Stephen A. Smith, reputedly America’s highest-paid TV sports personality, was among those that felt a need to weigh-in: “This referee is absolutely terrible….Unreal! Horrible officiating,” tweeted Stephen A whose primary area of expertise is basketball.

Harvey Dock

Dock fought as an amateur and had one professional fight, winning a four-round decision over a fellow novice on a show at a non-gaming resort in the Pocono Mountains of Pennsylvania. He says that as an amateur he was merely average, but he was better than that, a New Jersey and regional amateur champion in 1993 and 1994 while a student New Jersey’s Essex County Community College where he majored in journalism.

A passionate fan of Sugar Ray Leonard, he started officiating amateur fights in 1998 and six years later, at age 32, had his first documented action at the professional level, working low-level cards in New Jersey. The top boxing referees, to a far greater extent than the top judges, had long apprenticeships, having worked their way up from the boonies and Dock is no exception.

Per boxrec, Haney vs Garcia was Harvey Dock’s 364th assignment in the pros and his forty-second world title fight. Some of those title fights were title in name only, they weren’t even main events, but, bit by bit, more lucrative offerings started coming his way.

On May 13, 2023, Dock worked his first fights in Nevada, a 4-rounder and then a 12-rounder on a card at the Cosmopolitan topped by the 140-pound title fight between Rolly Romero and Ismael Barroso. It was the first time that this reporter got to watch Dock in the flesh.

Ironically (in hindsight), the card would be remembered for the actions of a referee, in this case Tony Weeks who handled the main event. Barroso was winning the fight on all three cards when Weeks stepped in and waived it off in the ninth round after Romero cornered Barroso against the ropes and let loose a barrage of punches, none of which landed cleanly. Few “premature stoppages” were ever as garishly, nay ghoulishly, premature.

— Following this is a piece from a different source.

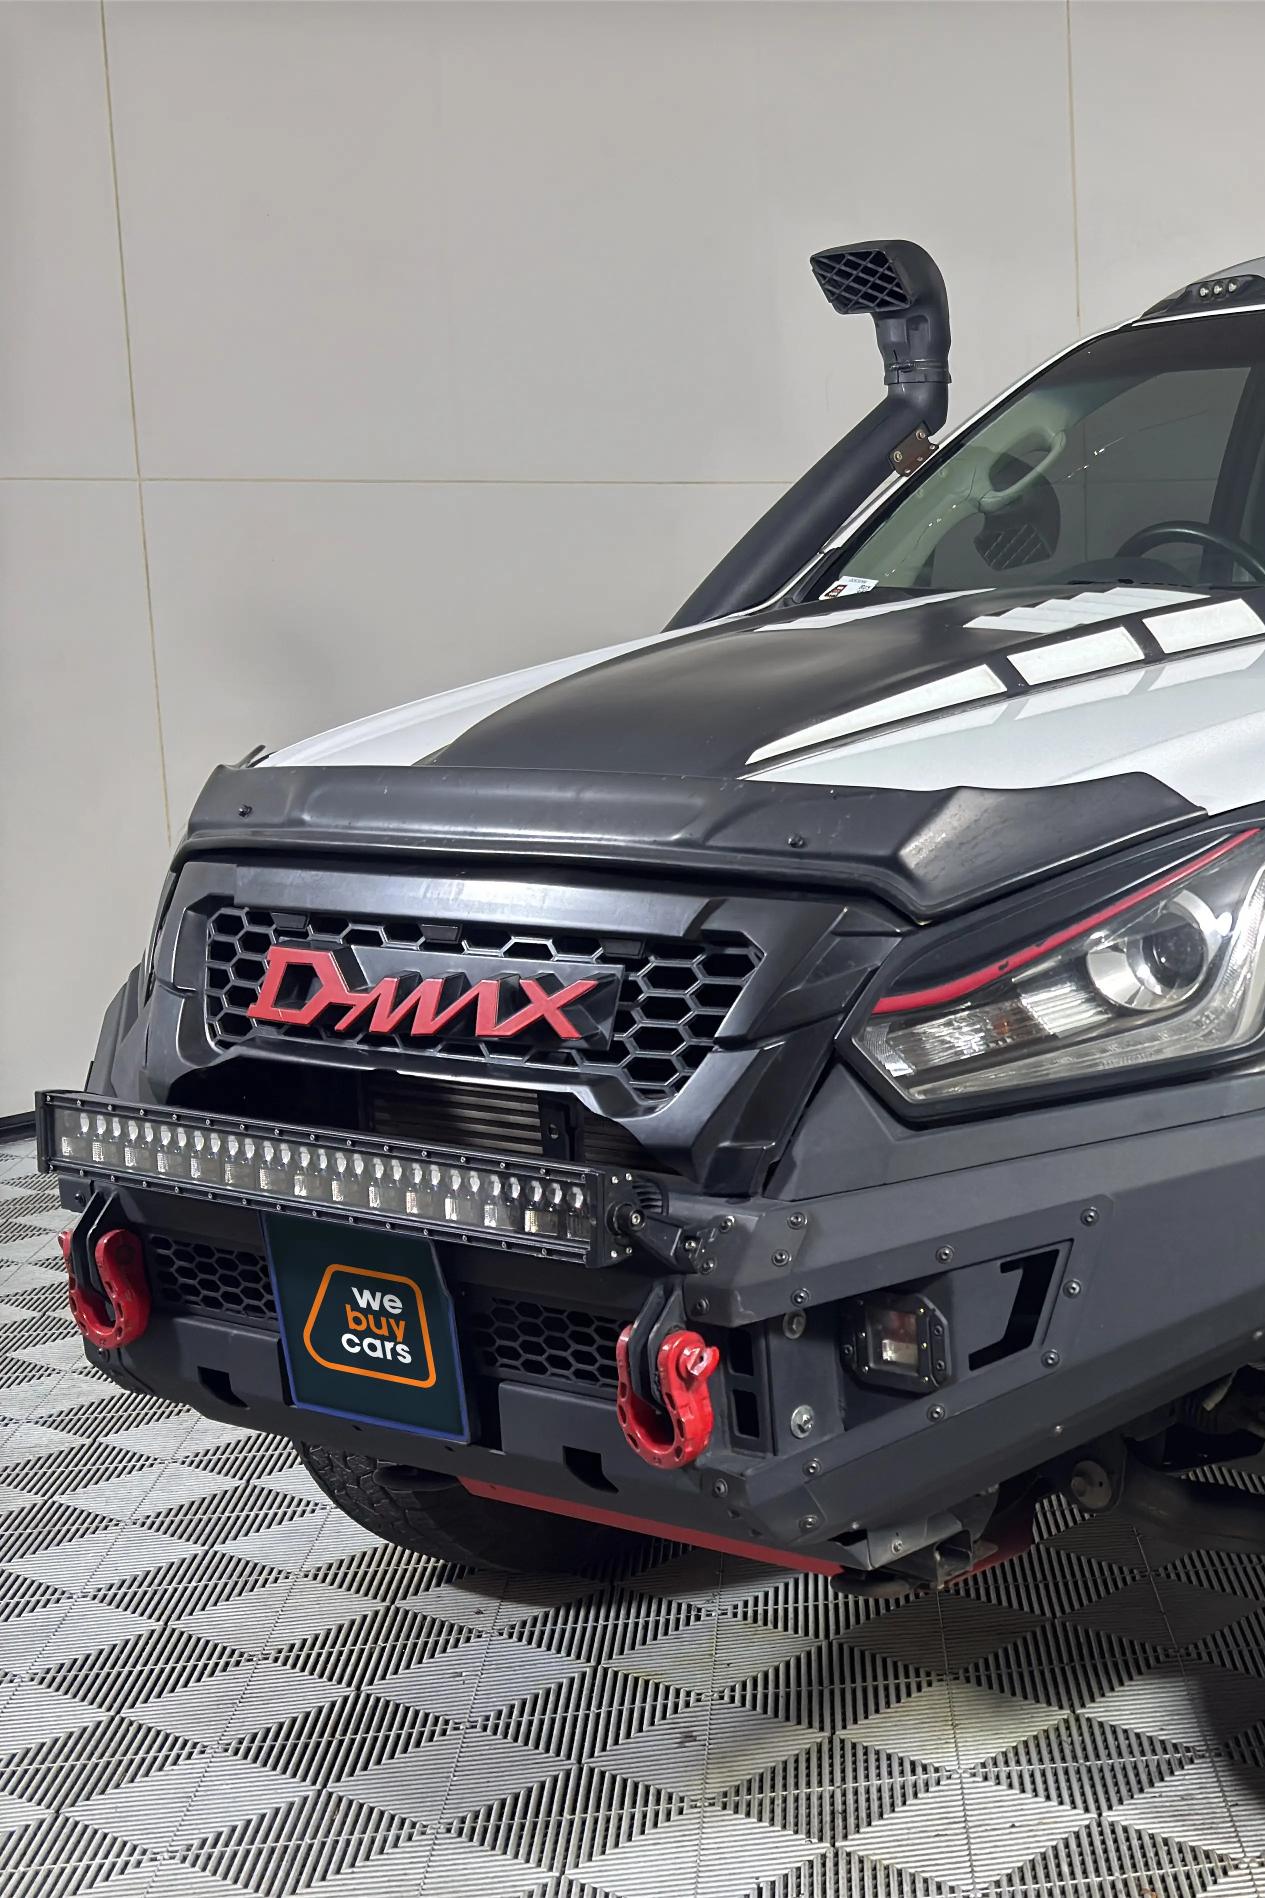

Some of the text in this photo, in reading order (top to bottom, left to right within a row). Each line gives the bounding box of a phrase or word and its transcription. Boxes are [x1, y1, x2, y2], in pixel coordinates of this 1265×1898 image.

[351, 1286, 404, 1315] we
[345, 1303, 406, 1343] buy
[341, 1333, 412, 1364] cars

With all the brickbats raining down on Weeks, I felt a need to tamp down the noise by diverting attention away from Tony Weeks and toward Harvey Dock and took to the TSS Forum to share my thoughts. Referencing the 12-rounder, a robust junior welterweight affair between Batyr Akhmedov and Kenneth Sims Jr, I noted that Dock’s Las Vegas debut went smoothly. He glided effortlessly around the ring, making him inconspicuous, the mark of a good referee. (This post ran on May 15, two days after the fight.)

Folks at the Nevada State Athletic Commission were also paying attention. Dock was back in Las Vegas the following week to referee the lightweight title fight between Devin Haney and Vasyl Lomachenko and before the year was out, he would be tabbed to referee the biggest non-heavyweight fight of the year, the July 29 match in Las Vegas between Terence Crawford and Errol Spence Jr.

The Haney-Garcia fight wasn’t Harvey Dock’s best hour, I’ll concede that, but a closer look at his full body of work informs us that he is an outstanding referee.

While the Haney-Garcia bout was in progress, WBC president Mauricio Sulaiman threw everyone a curve ball, tweeting on “X” that Devin Haney would keep his title if he lost the fight. Everyone, including the TV commentators, was under the impression that the title would become vacant in the event that Haney lost.

Sulaiman cited the precedent of Corrales-Castillo II.

FYI: The Corrales-Castillo rematch, originally scheduled for June 3, 2005 and aborted on the day prior when Castillo failed to make weight, finally came off on Oct. 8 of that year, notwithstanding the fact that Castillo failed to make weight once again, scaling three-and-a-half pounds above the lightweight limit. He knocked out Corrales in the fourth round with a left hook that Las Vegas Review-Journal boxing writer Kevin Iole, alluding to the movie “Blazing Saddles,” described as Mongo-esque (translation: the punch would have knocked out a horse). After initially insisting on a rubber match, which had scant chance of happening, WBC president Jose Sulaiman, Mauricio’s late father, ruled that Corrales could keep his title.

Whether or not you agree with Mauricio Sulaiman’s rationale, the timing of his announcement was certainly awkward.

Haney’s mandatory is Spanish southpaw Sandor Martin (42-3, 15 KOs), a cutie best known for his 2021 upset of Mikey Garcia. A bout between Haney and Martin has the earmarks of a dull fight.